The electrocardiogram (ECG) showed inferior wall ST elevation myocardial
infarction with complete AV block. He was hemodynamically stable with a
heart rate of 30 to 35/mt and was referred to our centre for further
management without any revascularization attempts. He arrived 24 hours
later still in complete heart block with a heart rate ranging from 40 to
45/mt and persisting ST elevation (Fig. 1) with a blood pressure of
140/90 mmHg. A temporary pacemaker was inserted with a plan to do
coronary angioplasty. However the patient became delirious and restless
and did not allow the team to proceed. Since he was hemodynamically
stable with no ongoing angina, it was decided to delay the procedure a
little while.
While in the ward he became breathless and went into distress with low
blood pressure despite adequate pacing. He was intubated by the on-call
doctor, started on inotropes and shifted back to the cath lab for
revascularization. The coronary angiogram showed a single vessel disease
with a 100% proximally occluded right coronary artery (Fig. 2).

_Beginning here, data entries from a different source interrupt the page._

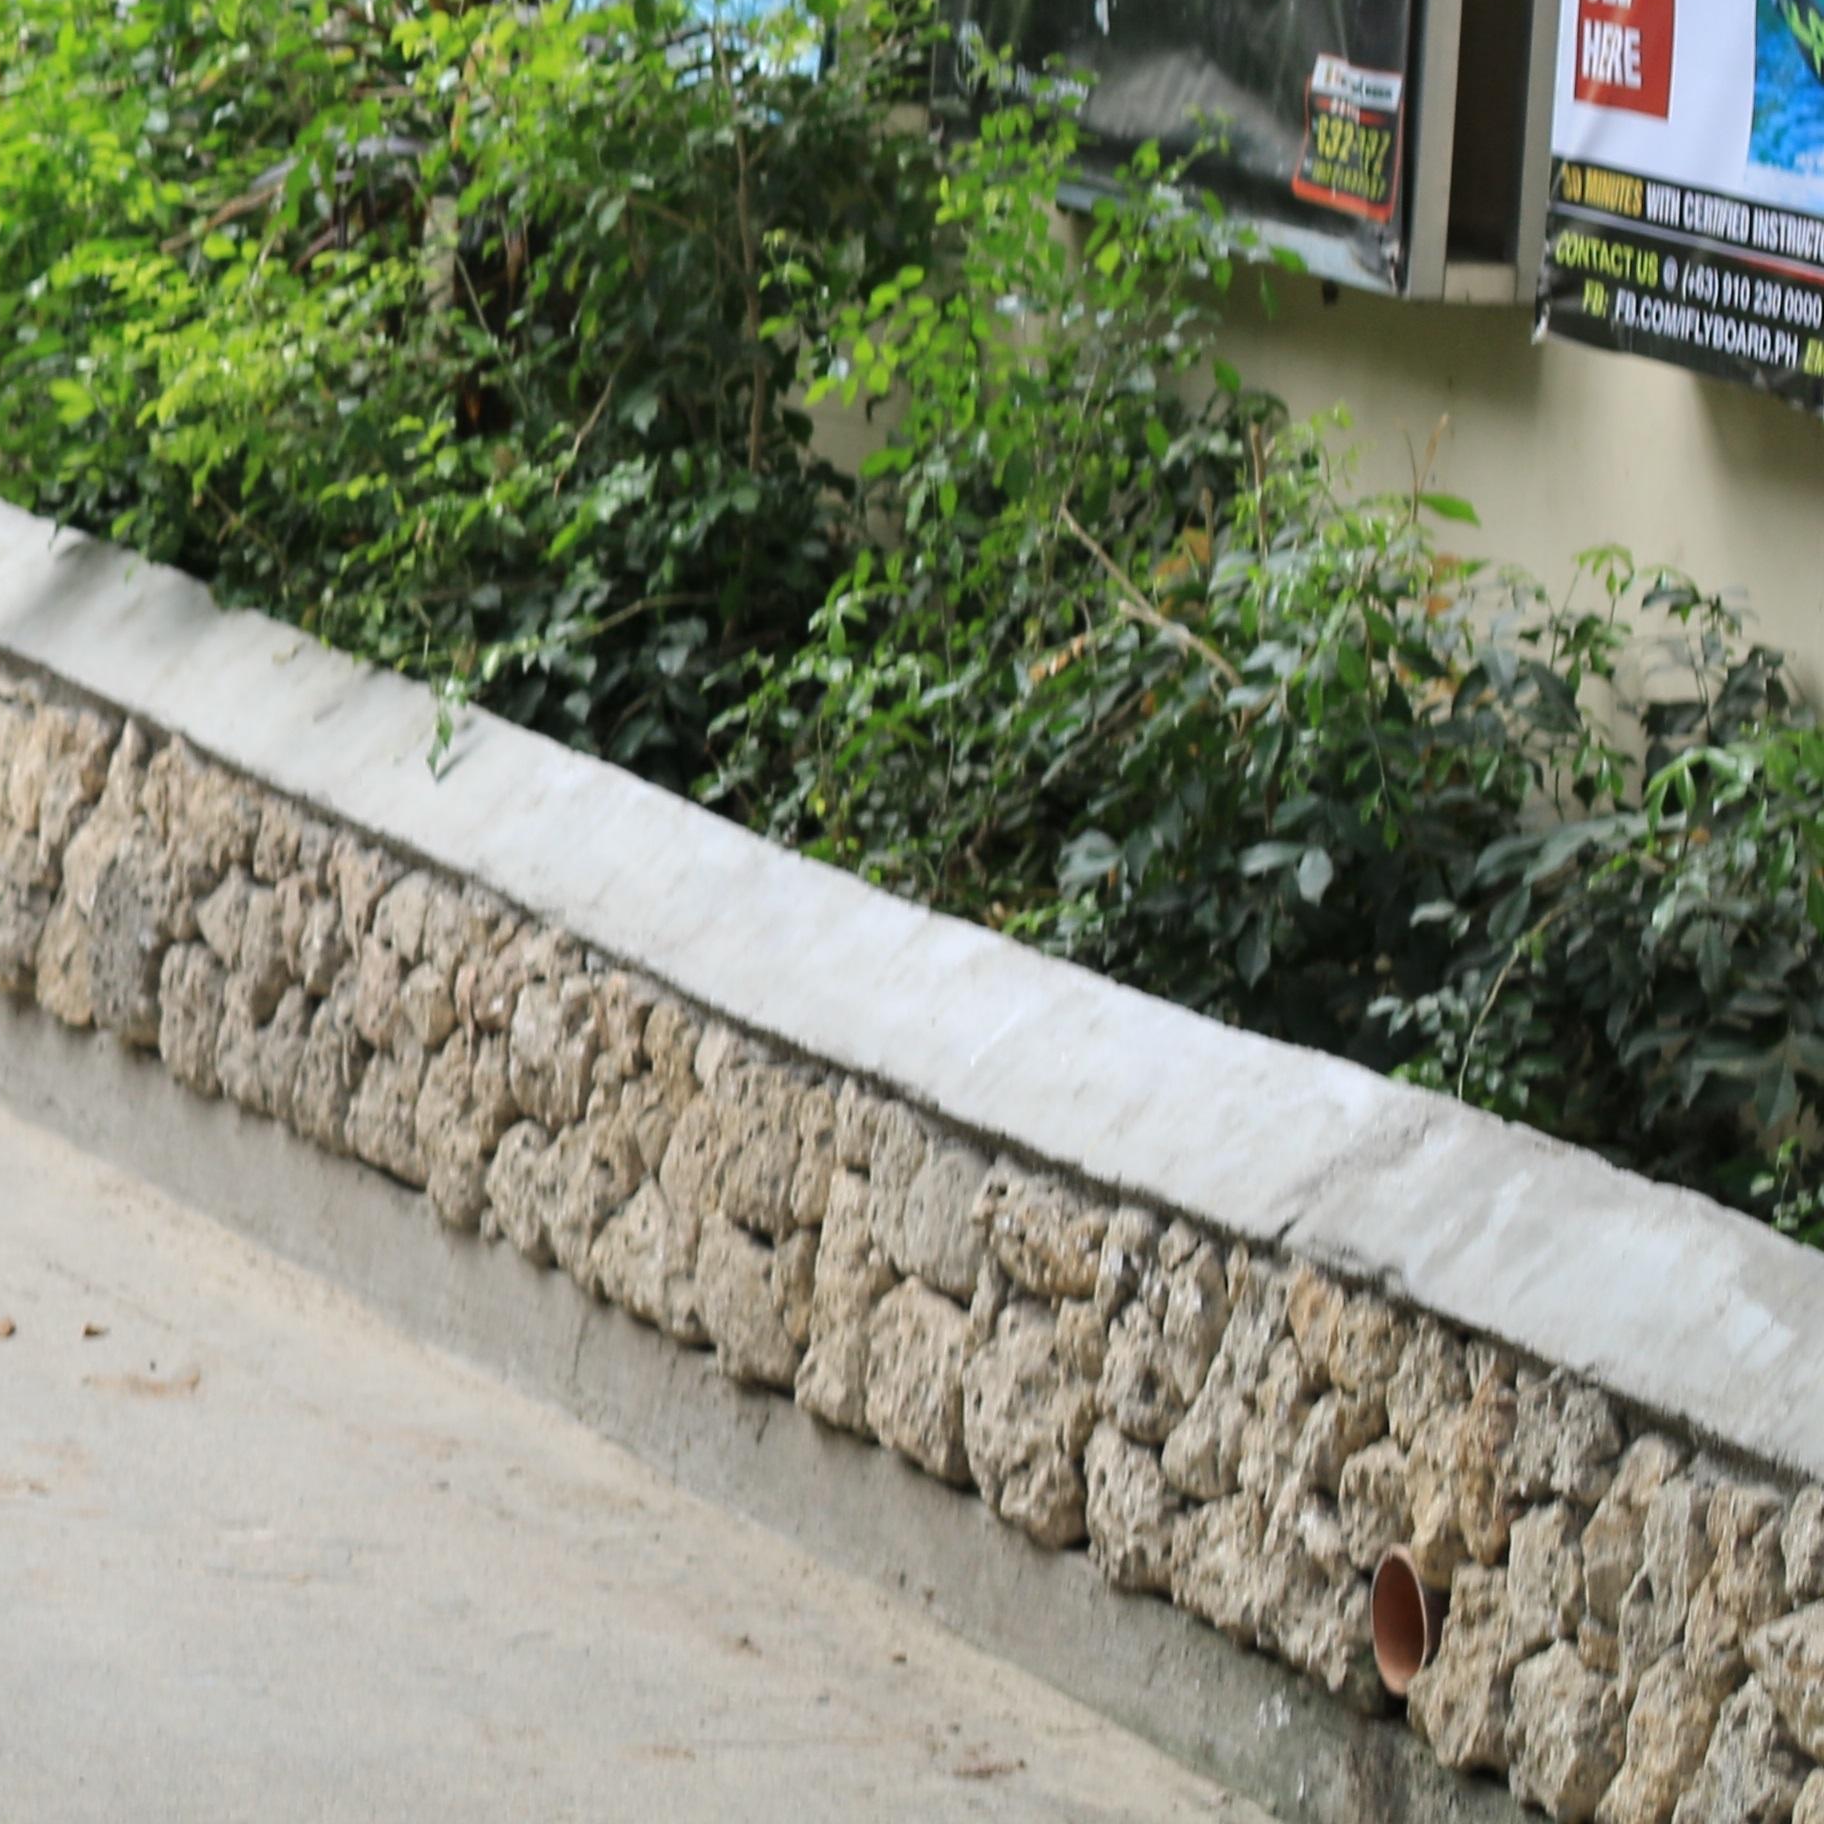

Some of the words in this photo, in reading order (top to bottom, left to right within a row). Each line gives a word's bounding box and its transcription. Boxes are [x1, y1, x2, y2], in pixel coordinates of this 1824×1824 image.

[1580, 16, 1643, 90] HERE
[1584, 163, 1645, 219] MINUTES
[1645, 180, 1682, 227] WITH
[1683, 188, 1751, 245] CERTIFIED
[1555, 227, 1635, 282] CONTACT
[1636, 246, 1660, 289] US
[1754, 279, 1782, 321] 230
[1783, 286, 1824, 328] 0000

Complete re-vascularisation of the vessel was achieved with two
drug-eluting stents (Fig. 3) and over the next 36 to 48 hours he was
slowly taken off inotropic support (noradrenaline). On the second
post-procedure day he recovered sinus rhythm with a first degree heart
block and a PR interval of 280 ms. He was extubated the same day and
taken off temporary pacemaker support the following day. The patient was
discharged two days later maintaining sinus rhythm and a much reduced PR
interval of 204 ms (Fig 4). The echocardiogram showed a mild left
ventricular systolic dysfunction with no other mechanical complications.